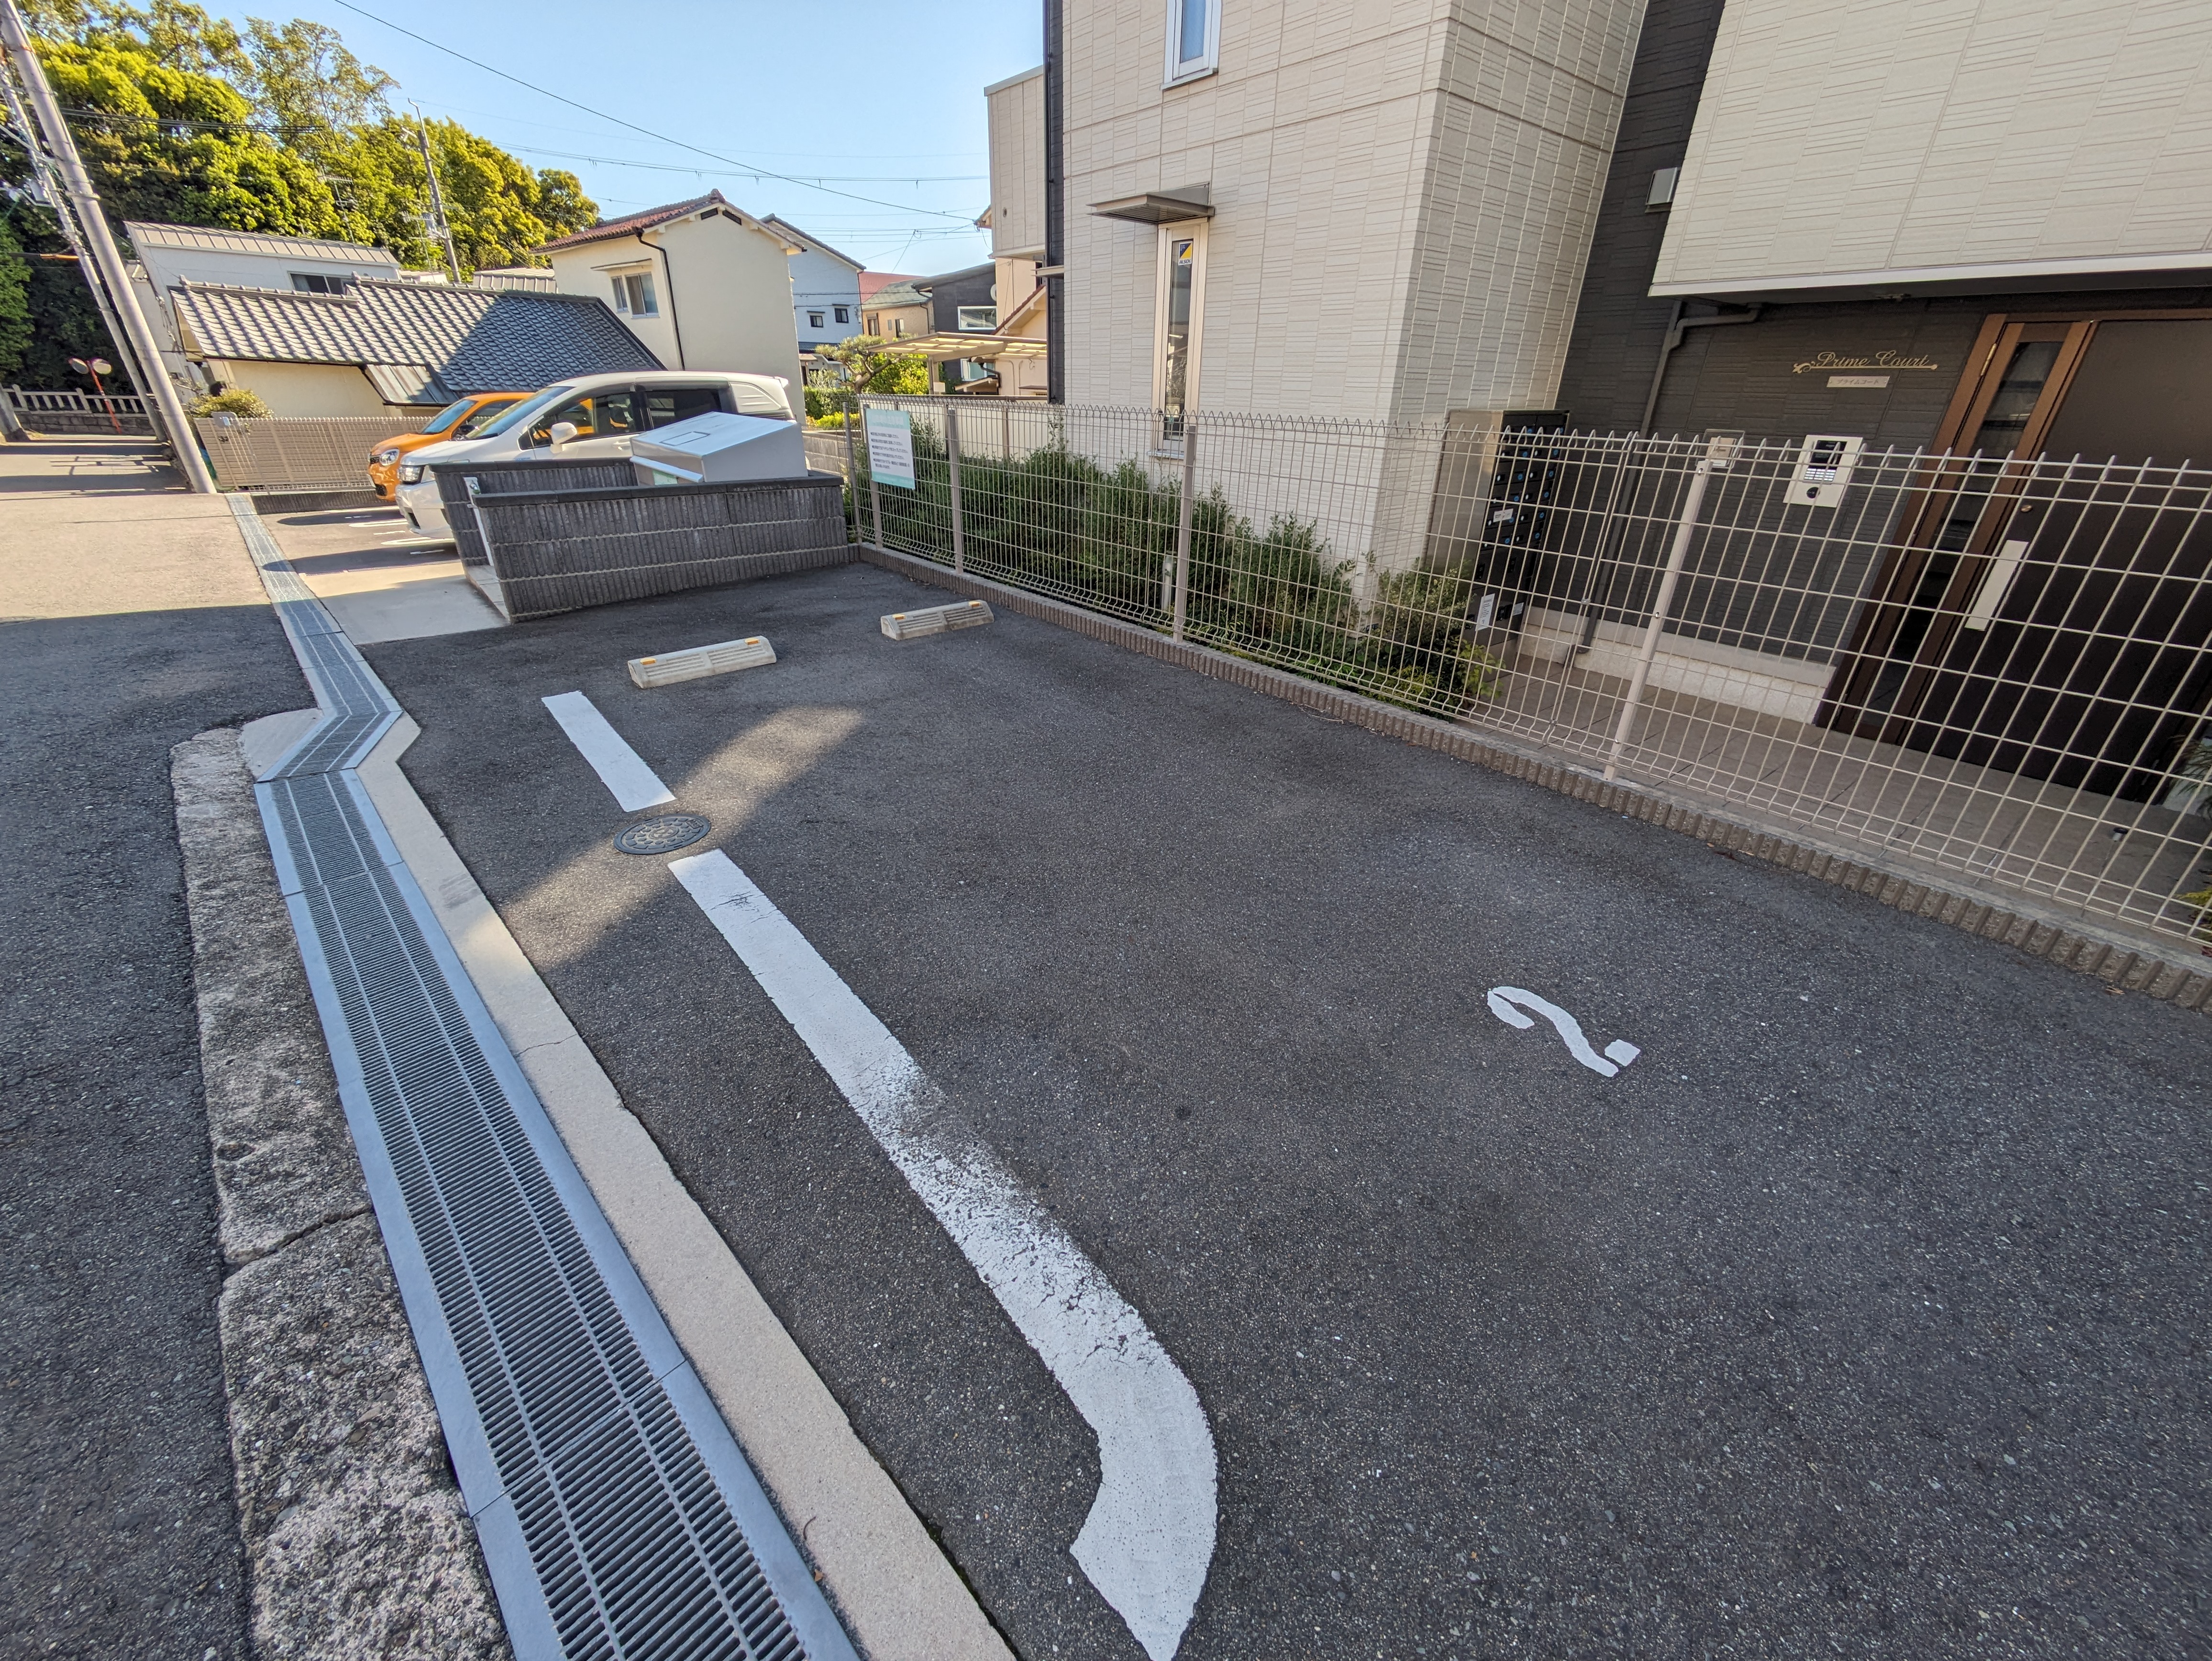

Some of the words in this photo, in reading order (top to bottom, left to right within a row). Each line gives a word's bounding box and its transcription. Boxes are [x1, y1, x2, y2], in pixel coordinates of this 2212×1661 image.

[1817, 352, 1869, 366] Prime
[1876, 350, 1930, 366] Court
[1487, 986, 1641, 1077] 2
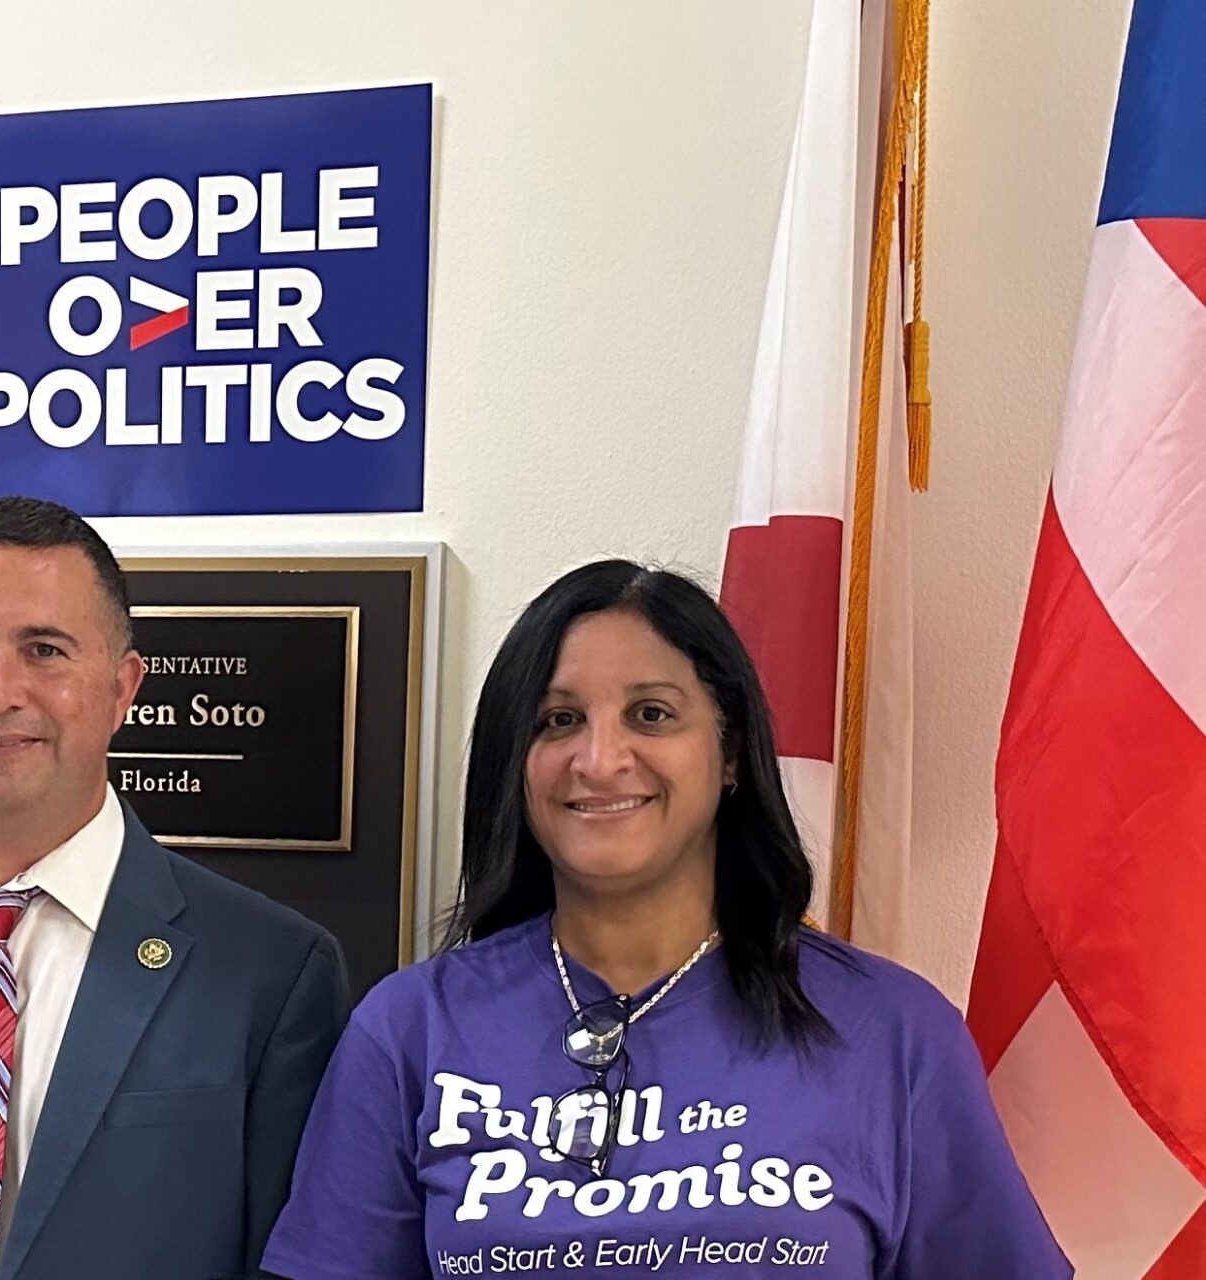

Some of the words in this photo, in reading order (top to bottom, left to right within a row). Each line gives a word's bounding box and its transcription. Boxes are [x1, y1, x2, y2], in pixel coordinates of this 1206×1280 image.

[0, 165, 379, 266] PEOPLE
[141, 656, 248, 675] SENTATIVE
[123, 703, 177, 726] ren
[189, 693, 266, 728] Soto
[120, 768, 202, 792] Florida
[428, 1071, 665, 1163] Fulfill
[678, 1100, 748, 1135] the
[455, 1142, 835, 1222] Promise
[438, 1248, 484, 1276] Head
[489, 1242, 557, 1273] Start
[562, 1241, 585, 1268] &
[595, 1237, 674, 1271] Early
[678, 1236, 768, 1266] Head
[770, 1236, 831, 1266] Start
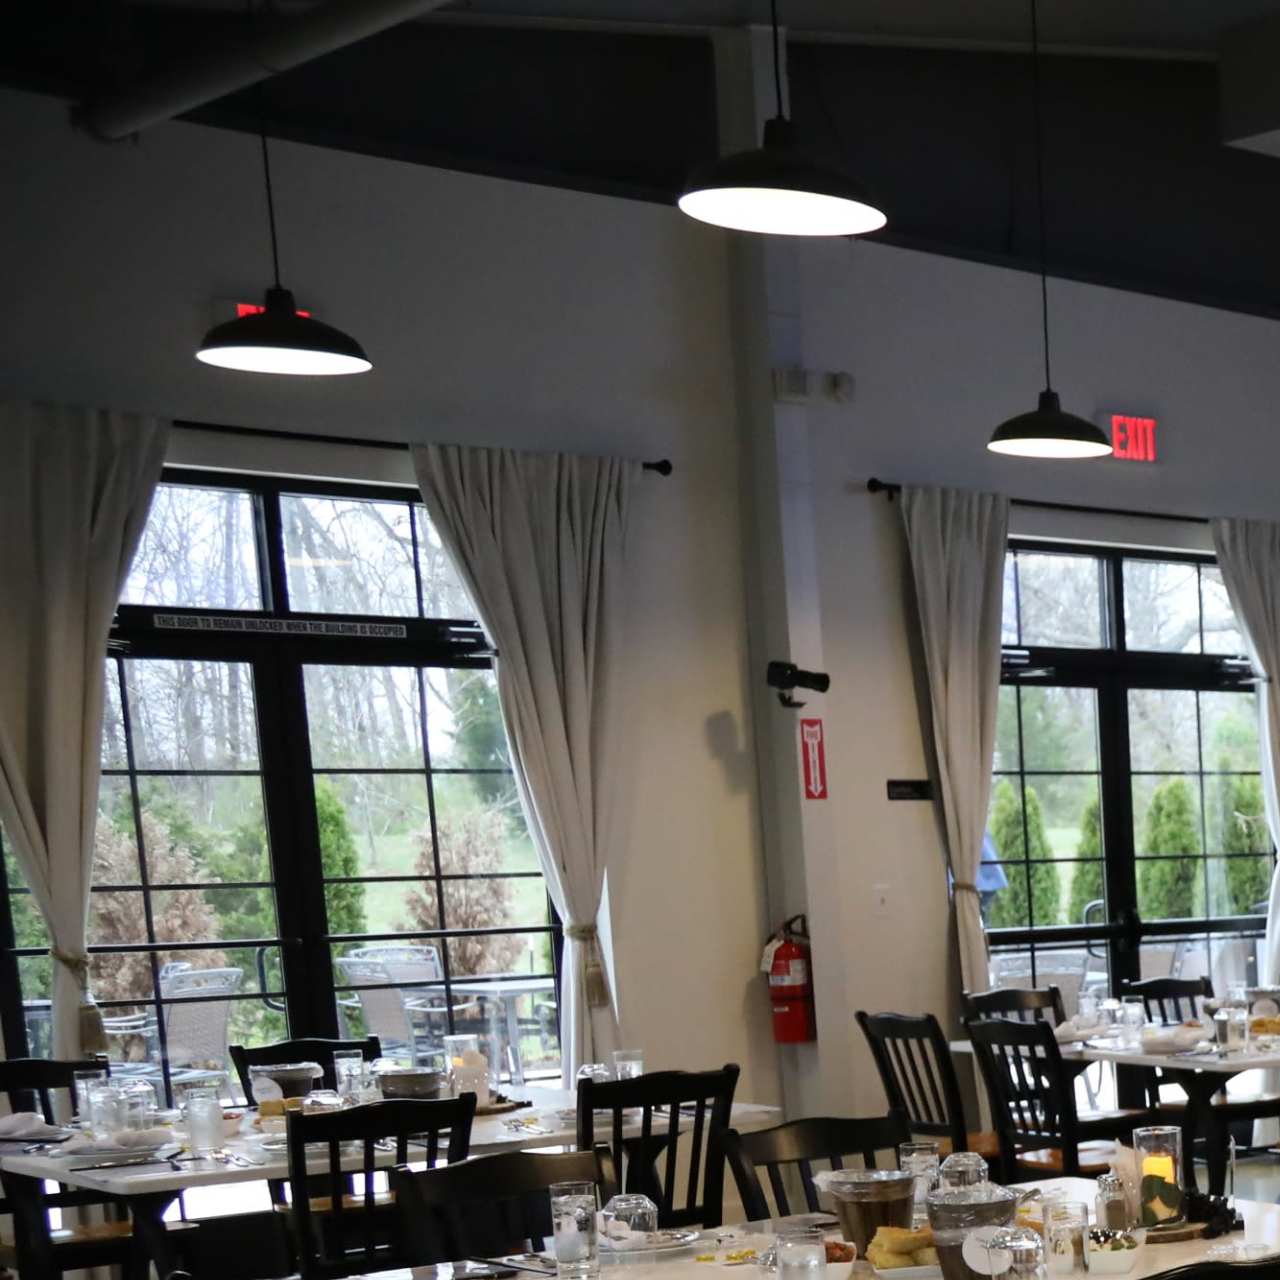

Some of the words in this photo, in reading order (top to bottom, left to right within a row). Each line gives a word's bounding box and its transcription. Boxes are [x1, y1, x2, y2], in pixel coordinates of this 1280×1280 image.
|---|
Would you mind repeating the records above exactly, without the pictures?

◆ WRITTEN REPLY
Some of the words in this photo, in reading order (top to bottom, left to right within a row). Each line gives a word's bounding box and its transcription. Boxes are [x1, y1, x2, y2], in pixel coordinates of this 2212×1661 image.

[1817, 352, 1869, 366] Prime
[1876, 350, 1930, 366] Court
[1487, 986, 1641, 1077] 2

Some of the words in this photo, in reading order (top to bottom, left to right within a row). Each line gives a word's bounding box and its transcription. Boxes are [x1, y1, x2, y2], in pixel coordinates of this 1206×1280 image.

[0, 165, 379, 266] PEOPLE
[141, 656, 248, 675] SENTATIVE
[123, 703, 177, 726] ren
[189, 693, 266, 728] Soto
[120, 768, 202, 792] Florida
[428, 1071, 665, 1163] Fulfill
[678, 1100, 748, 1135] the
[455, 1142, 835, 1222] Promise
[438, 1248, 484, 1276] Head
[489, 1242, 557, 1273] Start
[562, 1241, 585, 1268] &
[595, 1237, 674, 1271] Early
[678, 1236, 768, 1266] Head
[770, 1236, 831, 1266] Start

Some of the words in this photo, in reading order (top to bottom, left to right within a row). Each line gives a word's bounding box and its transcription. Boxes are [x1, y1, x2, y2], in pixel coordinates of this 1280×1280 image.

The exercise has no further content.